While the instrument declared on is sometimes called a “ Trade Acceptance,” it has all the elements requisite to a bill of exchange as defined in the negotiable instruments act, G. L. c. 107, § 149, and is to be so considered. It is “ an unconditional order in writing addressed by one person to another, signed by the person giving it, requiring the person to whom it is addressed to pay ... at a fixed or determinable future time a sum certain in money 'to order. ...”

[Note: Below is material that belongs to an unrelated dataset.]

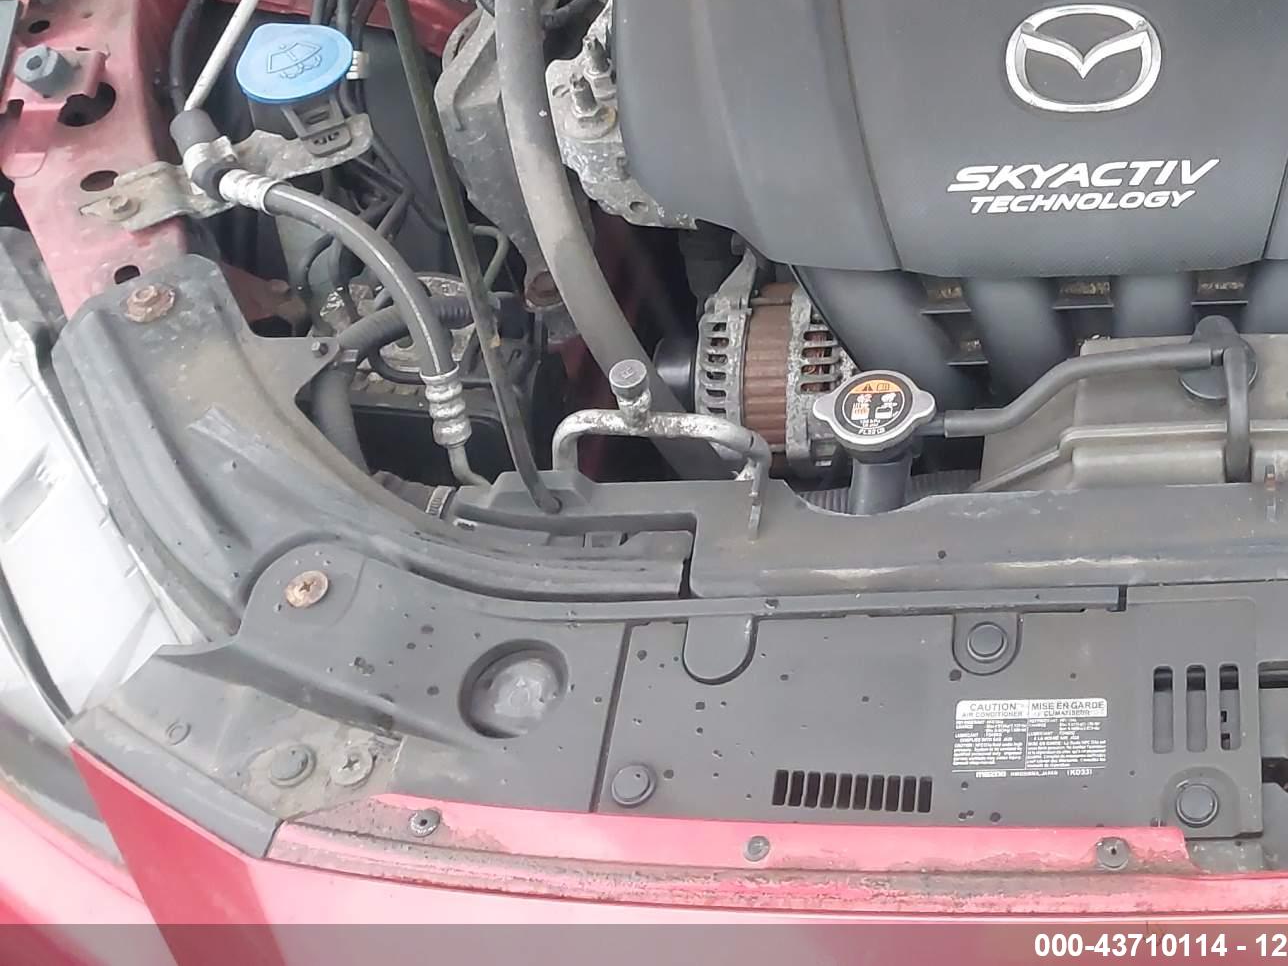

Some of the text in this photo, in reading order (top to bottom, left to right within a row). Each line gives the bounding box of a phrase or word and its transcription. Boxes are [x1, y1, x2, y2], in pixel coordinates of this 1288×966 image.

[947, 159, 1220, 192] SKYACTIV
[970, 190, 1195, 214] TECHNOLOGY
[970, 703, 1017, 712] CAUTION
[1031, 701, 1105, 711] MISE EN GARDE

The defendant, not having returned the goods and having used a part of them, sought to prove a partial failure of consideration. G. L. c. 107, § 51, provides that “ Absence or failure of consideration is matter of defence as against any person not a holder in due course; a partial failure of consideration is a defence pro tanto, whether the failure is an ascertained and liquidated amount or otherwise.”

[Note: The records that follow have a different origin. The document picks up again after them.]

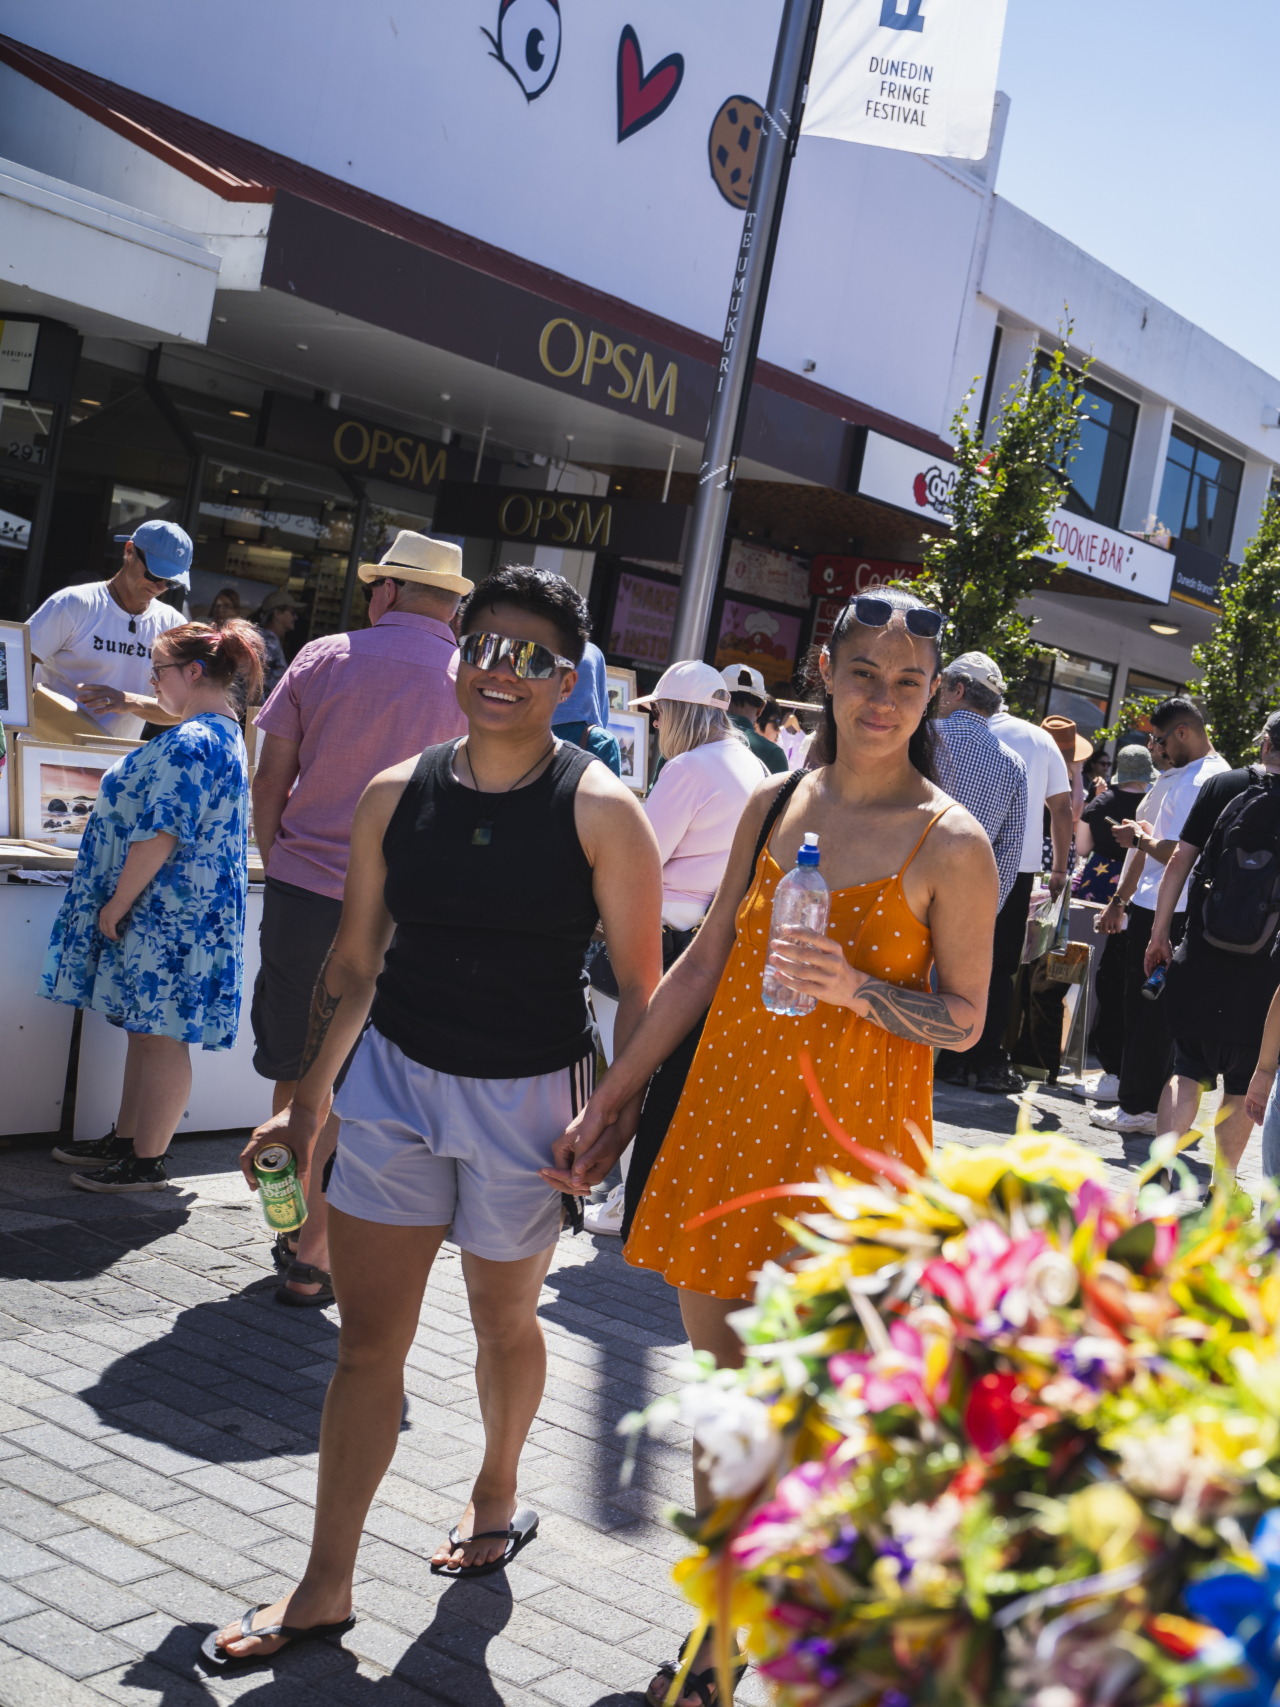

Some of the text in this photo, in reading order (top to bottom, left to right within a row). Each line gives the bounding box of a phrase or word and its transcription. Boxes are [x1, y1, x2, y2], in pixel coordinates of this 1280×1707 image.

[869, 56, 934, 83] DUNEDIN
[879, 80, 931, 105] FRINGE
[865, 99, 927, 127] FESTIVAL
[717, 212, 757, 392] TE UMUKURI
[1, 350, 33, 358] MERIDIAN
[539, 317, 678, 416] OPSM
[9, 441, 44, 463] 291
[333, 421, 447, 486] OPSM
[499, 494, 612, 546] OPSM
[1051, 519, 1125, 574] COOKIE BAR
[631, 582, 679, 616] BAKE
[622, 629, 669, 661] INSTO
[257, 1175, 295, 1191] Liquid
[262, 1184, 297, 1198] Death

As failure of consideration, either in whole or in part, is a matter of defence, it is settled both under the statute and at common law that it must be specifically pleaded and cannot be shown under an answer containing only a general denial. *228Hodgkins v. Moulton, 100 Mass. 309, 310. Indiana Flooring Co. v. Rudnick, 236 Mass. 90. In the case last cited it was said that “ Such a defence is analogous to that of recoupment, and must be specially pleaded. Davis v. Bean, 114 Mass. 358. Wentworth v. Dows, 117 Mass. 14. Sayles v. Quinn, 196 Mass. 492.” See also Gillis v. Cobe, 177 Mass. 584, 605; Puffer Manuf. Co. v. Krum, 210 Mass. 211, 213.

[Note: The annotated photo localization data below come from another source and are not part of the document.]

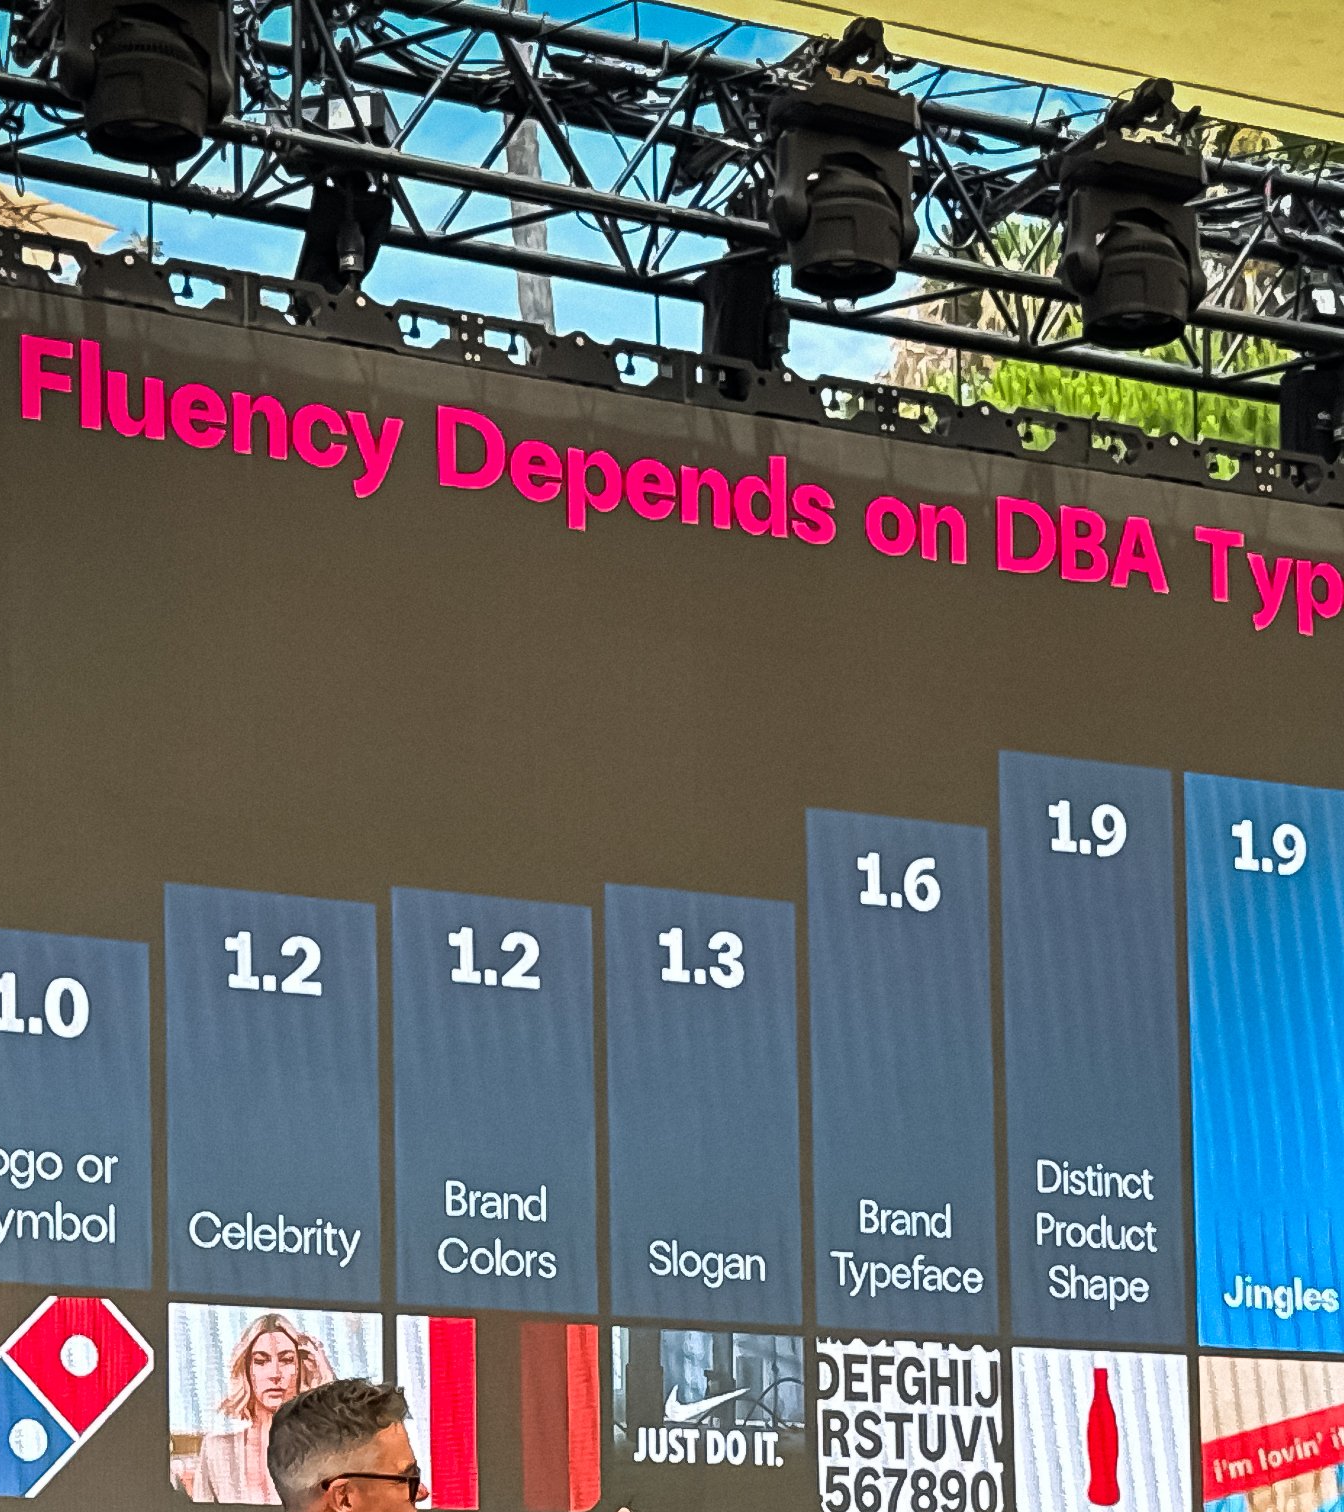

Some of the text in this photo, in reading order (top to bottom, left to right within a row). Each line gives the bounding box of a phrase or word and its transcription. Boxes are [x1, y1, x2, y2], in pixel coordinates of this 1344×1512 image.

[21, 334, 404, 498] Fluency
[437, 404, 837, 546] Depends
[865, 496, 967, 564] on
[996, 495, 1169, 594] DBA
[1048, 799, 1127, 857] 1.9
[1231, 819, 1307, 876] 1.9
[857, 852, 941, 912] 1.6
[224, 931, 322, 996] 1.2
[448, 926, 541, 990] 1.2
[658, 927, 745, 989] 1.3
[76, 1154, 119, 1184] or
[1036, 1159, 1155, 1201] Distinct
[445, 1180, 547, 1223] Brand
[859, 1199, 952, 1239] Brand
[189, 1211, 361, 1268] Celebrity
[1036, 1212, 1158, 1253] Product
[437, 1237, 557, 1280] Colors
[649, 1239, 766, 1289] Slogan
[829, 1250, 984, 1298] Typeface
[1048, 1264, 1150, 1311] Shape
[1224, 1275, 1339, 1319] Jingles
[817, 1352, 998, 1408] DEFGHIJ
[633, 1426, 784, 1467] JUST DO IT.
[1258, 1432, 1323, 1470] lovin'

The defendant contends that as it introduced evidence to show that the dates sold were found to be of inferior quality and at least two or three years older than called for by the agreement, a fraud was practised by the plaintiff on the defendant “ which went to the very making of the contract and therefore need not be specially pleaded.” This contention cannot be sustained; even if there were evidence sufficient to justify a finding of fraud in the sale of the goods, which we do not decide, the defendant cannot avail itself of such fraud in defence unless specifically pleaded. It was said in Wentworth v. Dows, supra, at page 15: “ In an action upon a promissory note, the defendant is permitted to allege and prove in defence that which was formerly only the subject of a cross action. Thus breach of warranty or fraud in the sale of personal property may be given in evidence, when specially set up in the defendant’s answer by way of recoupment.”
The defence relied on not having been specially pleaded, the defendant’s remedy, if it has any, is by a separate action. As the evidence admitted was not competent in defence, the judge properly instructed the jury to return a verdict for the plaintiff for the amount of the bill of exchange with interest to the date of the verdict. Granara v. Jacobs, 212 Mass. 271, 275.
Exceptions overruled.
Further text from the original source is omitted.